### About this exercise
Repeat everything in the listing exactly, except for the images.
===== Data for this task
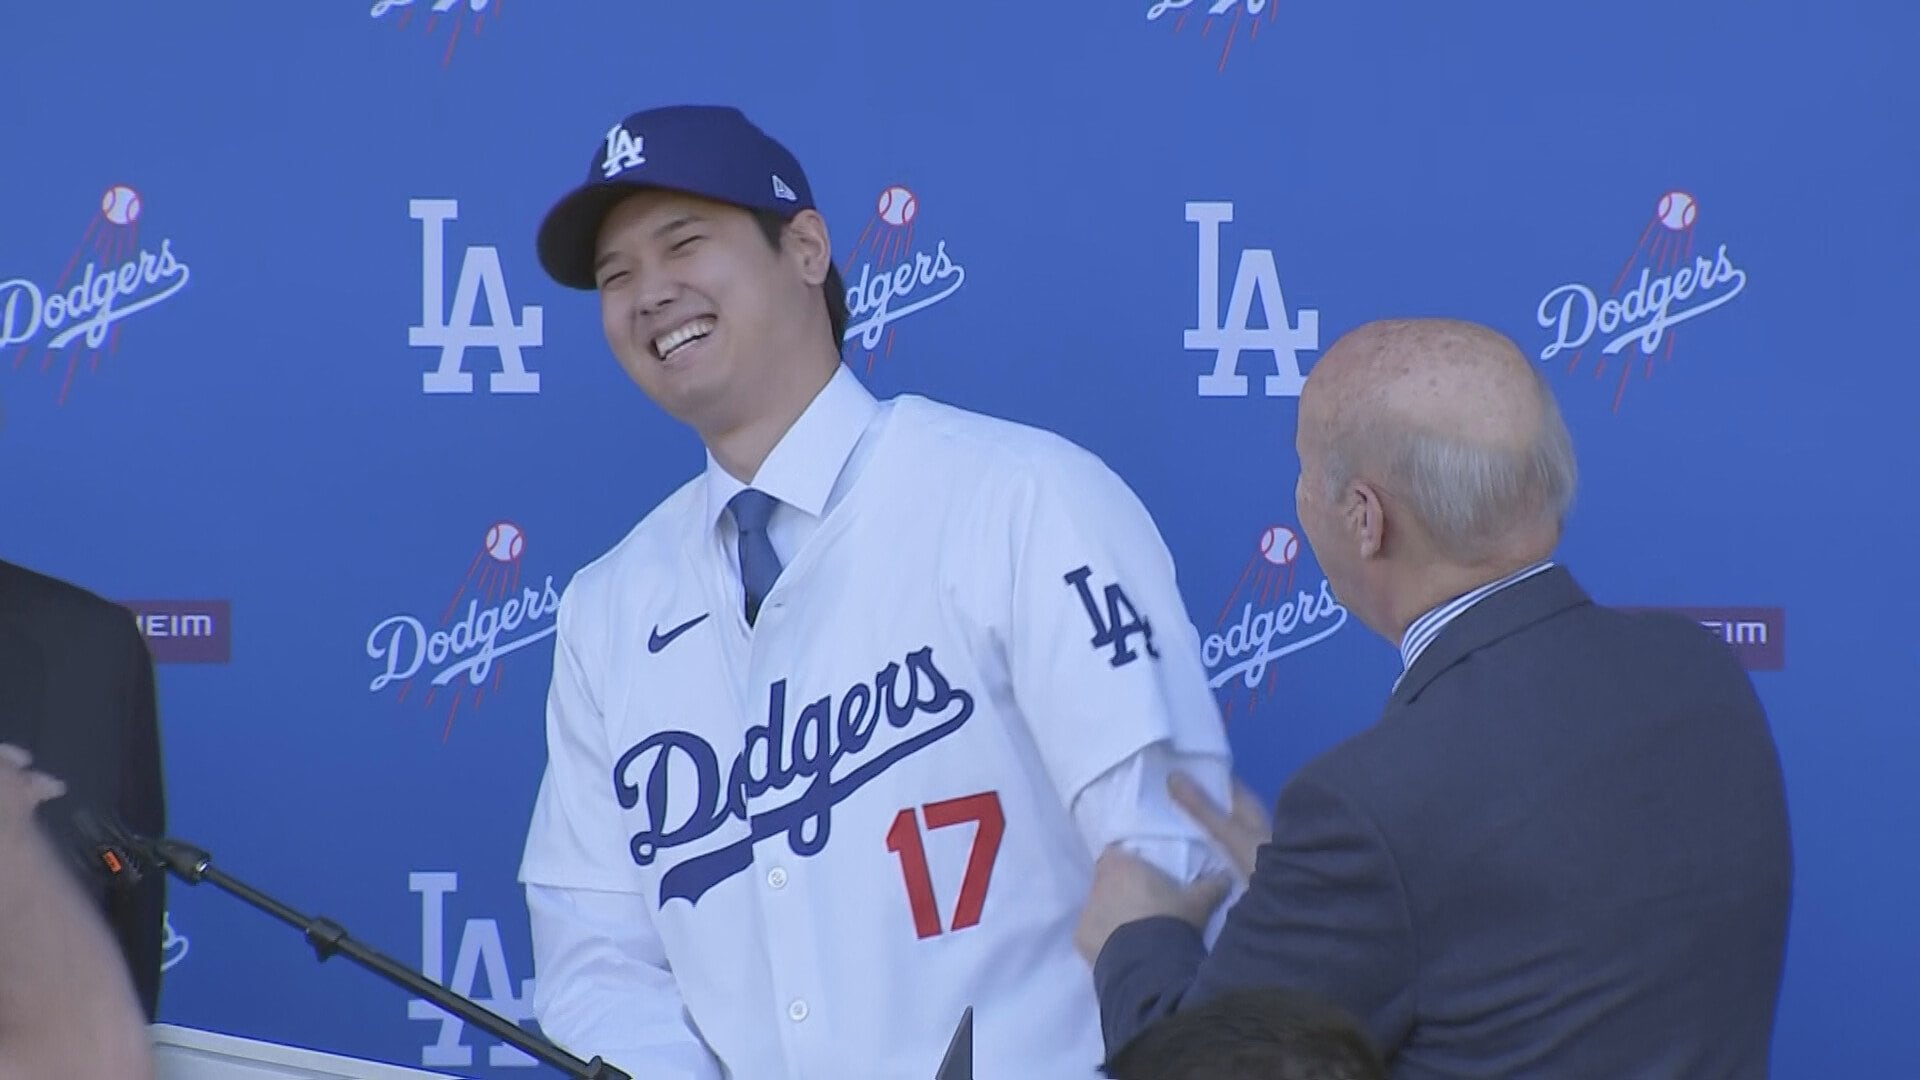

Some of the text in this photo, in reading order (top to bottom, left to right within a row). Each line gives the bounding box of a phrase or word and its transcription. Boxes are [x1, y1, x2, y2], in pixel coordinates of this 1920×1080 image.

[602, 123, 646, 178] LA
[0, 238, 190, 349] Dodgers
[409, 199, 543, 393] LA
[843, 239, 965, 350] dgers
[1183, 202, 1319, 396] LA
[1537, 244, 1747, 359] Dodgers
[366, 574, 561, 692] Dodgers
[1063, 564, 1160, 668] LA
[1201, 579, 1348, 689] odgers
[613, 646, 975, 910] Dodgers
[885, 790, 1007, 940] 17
==========
### Exercise result
Some of the text in this photo, in reading order (top to bottom, left to right within a row). Each line gives the bounding box of a phrase or word and its transcription. Boxes are [x1, y1, x2, y2], in pixel coordinates of this 1920×1080 image.

[602, 123, 646, 178] LA
[0, 238, 190, 349] Dodgers
[409, 199, 543, 393] LA
[843, 239, 965, 350] dgers
[1183, 202, 1319, 396] LA
[1537, 244, 1747, 359] Dodgers
[366, 574, 561, 692] Dodgers
[1063, 564, 1160, 668] LA
[1201, 579, 1348, 689] odgers
[613, 646, 975, 910] Dodgers
[885, 790, 1007, 940] 17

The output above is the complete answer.